Now, there’s a bit of a catch to this, he says. First of all, his time travel machine, being a prototype model, can only be programmed in 100-year increments. Well, that’s not a big deal, I say. But, he says, the next thing is that I have to sign a paper promising that I absolutely will not, under any circumstances, do anything that might alter history (if I go back in time), not can I take advantage of anything that I might learn about the future (should I time travel forward). Naturally, I would have no problem signing such a promise. What’s he going to do, sue me?
Third, he points out to me that, although he can program his time machine to take me wherever I want to go (England, Persia, Rome, wherever), I won’t be able to speak the language, and that could present a problem. Even in England, he reminds me, if I go back far enough, the language will not be any English that I recognize. This recalls the troubles I had reading Chaucer, and he was 14th Century.
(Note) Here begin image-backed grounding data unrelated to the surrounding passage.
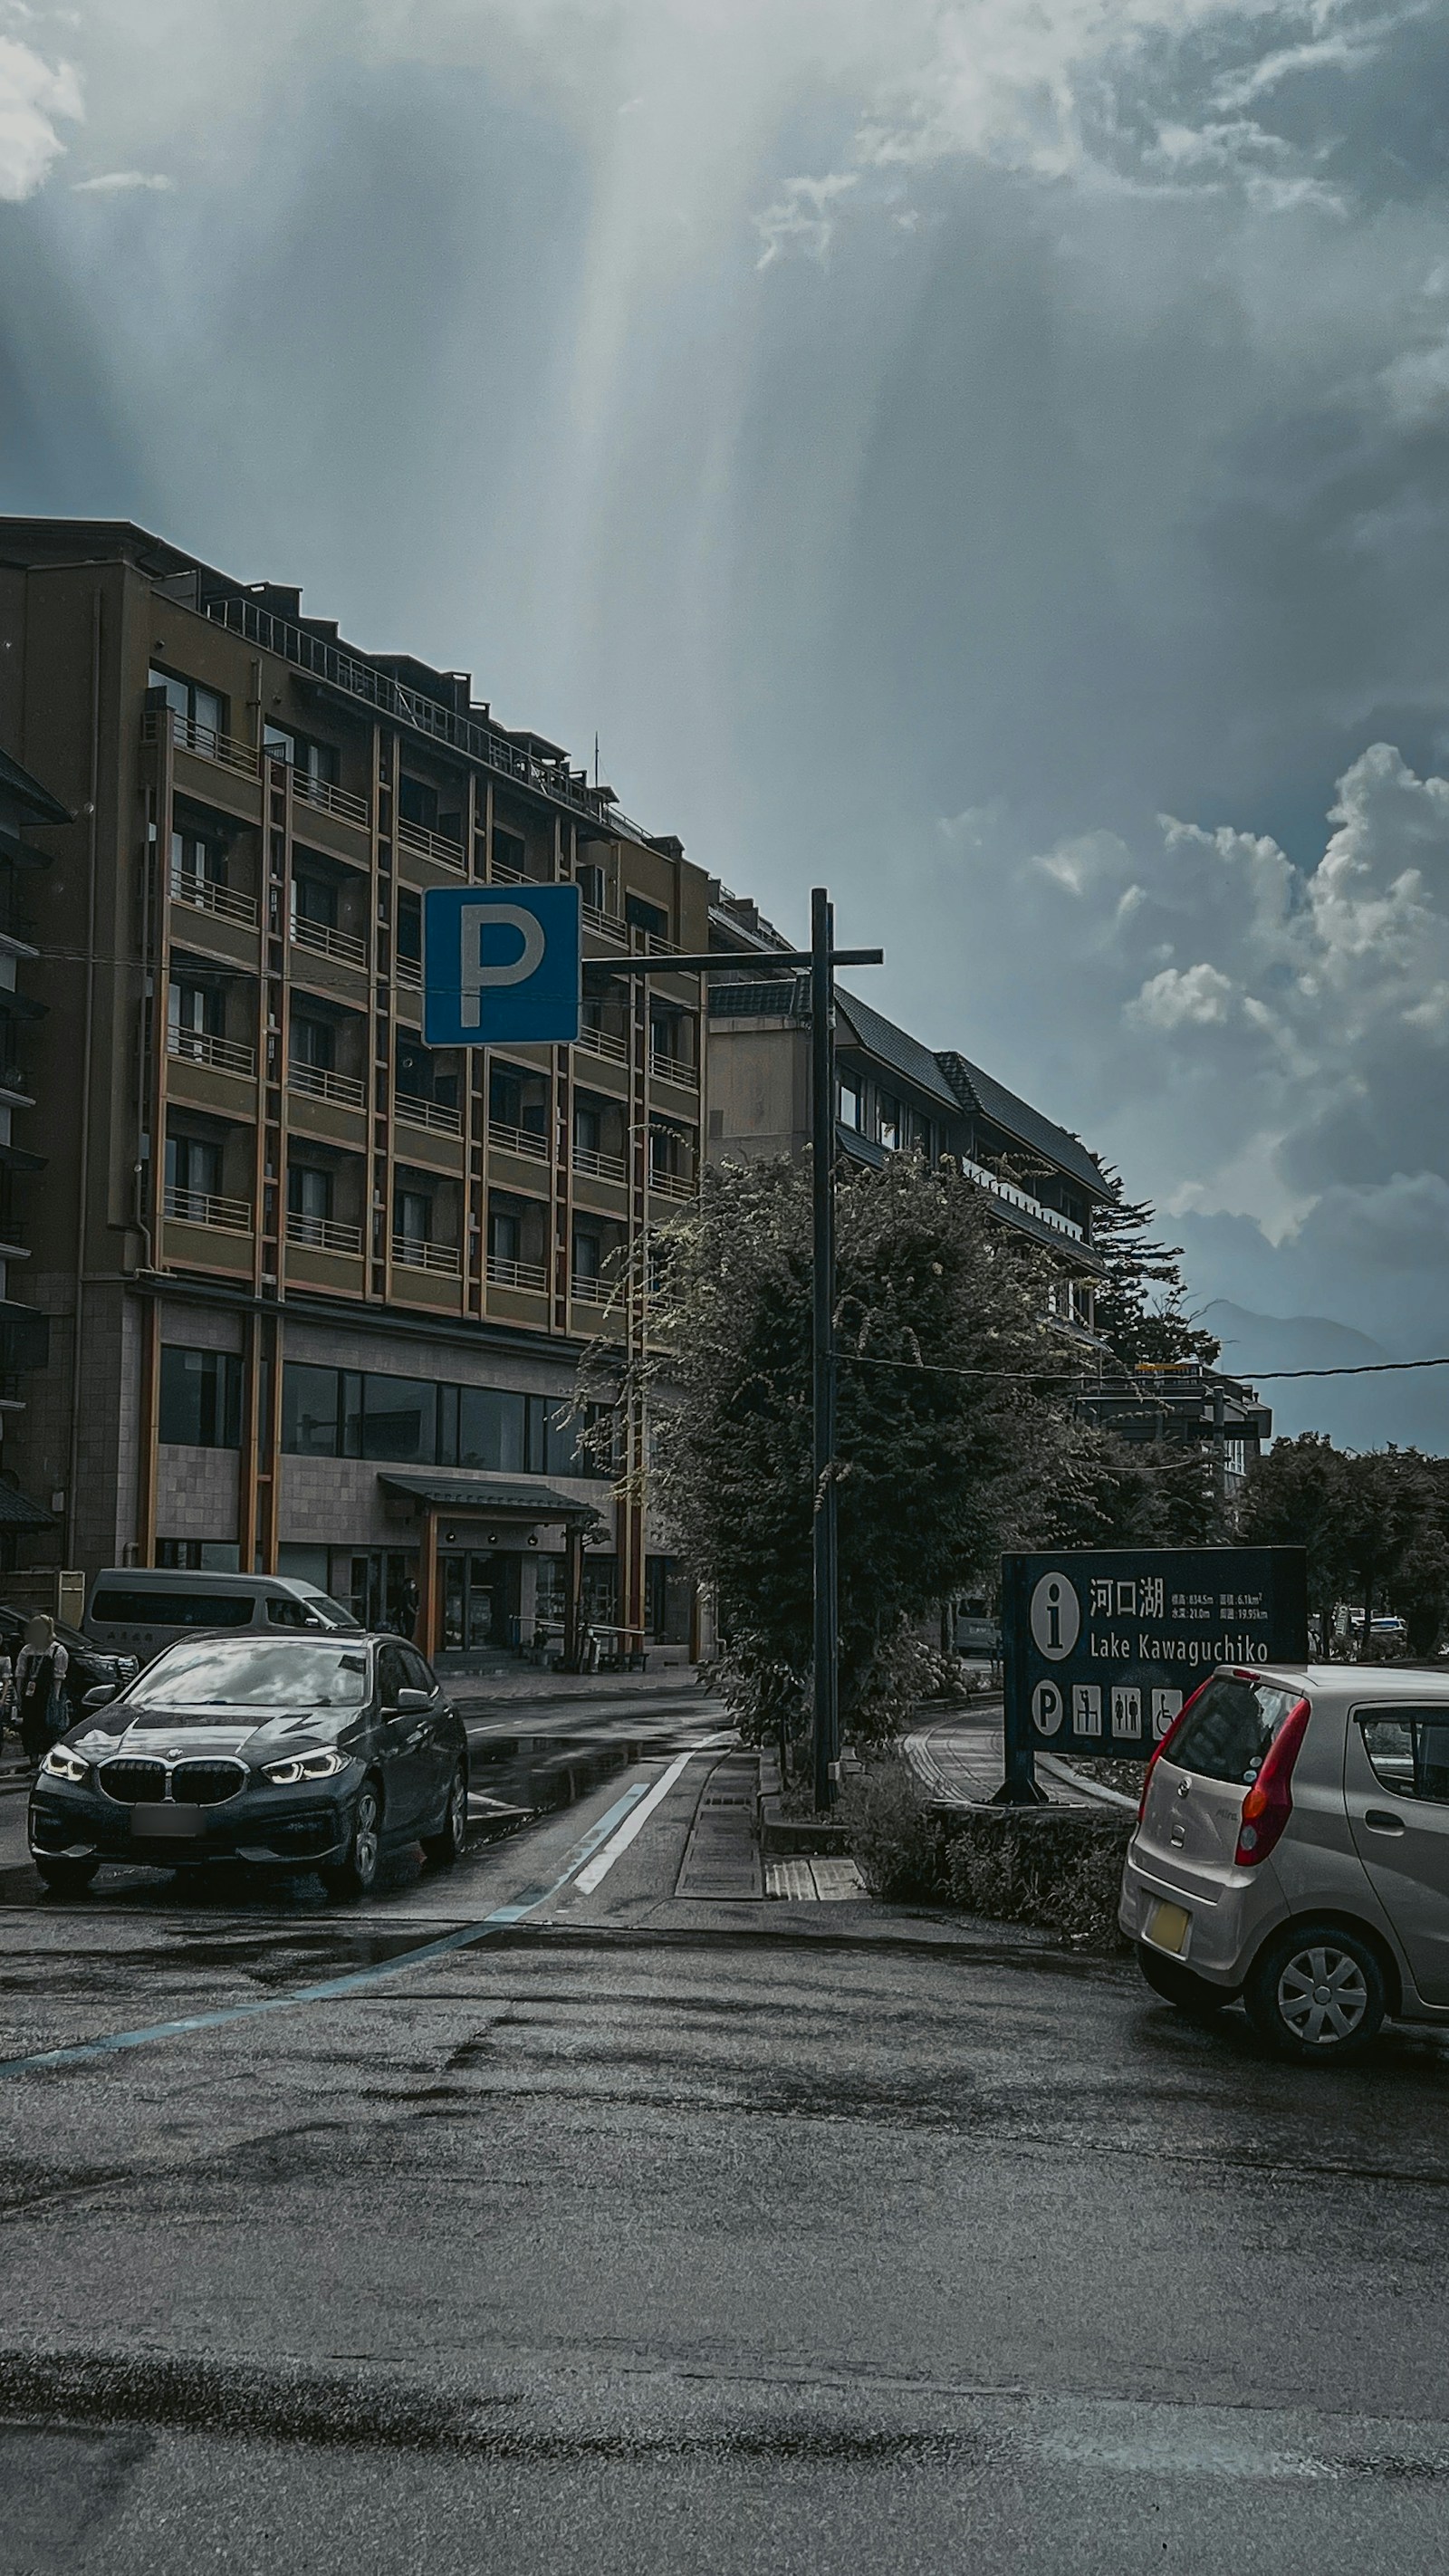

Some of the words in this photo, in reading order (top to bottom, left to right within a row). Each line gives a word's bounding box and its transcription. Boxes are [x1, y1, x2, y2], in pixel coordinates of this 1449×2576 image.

[461, 904, 545, 1028] P
[1047, 1583, 1063, 1648] i
[1089, 1577, 1164, 1619] 河口湖
[1091, 1631, 1130, 1658] Lake
[1139, 1633, 1268, 1667] Kawaguchiko
[1040, 1689, 1057, 1726] P
DO I WANT TO GO BACK IN TIME, OR FORWARD?
Now, if I travel back in time, my superior knowledge could give me an edge if I run into any difficulties. On the other hand, health care back then being even worse than it is today, I might catch my death.
If I travel into the future, I might learn all sorts of cool things from futuristic technological advances that would make a smart phone seem antediluvian by comparison. On the other hand, I may find myself in Kevin Costner’s “Waterworld,” what with global warming and all, and I don’t know anything about operating boats. Then it occurs to me, I better ask him if I can take some ostomy supplies with me.
DO I WANT TO GO BACK IN TIME, OR FORWARD?
What would you do?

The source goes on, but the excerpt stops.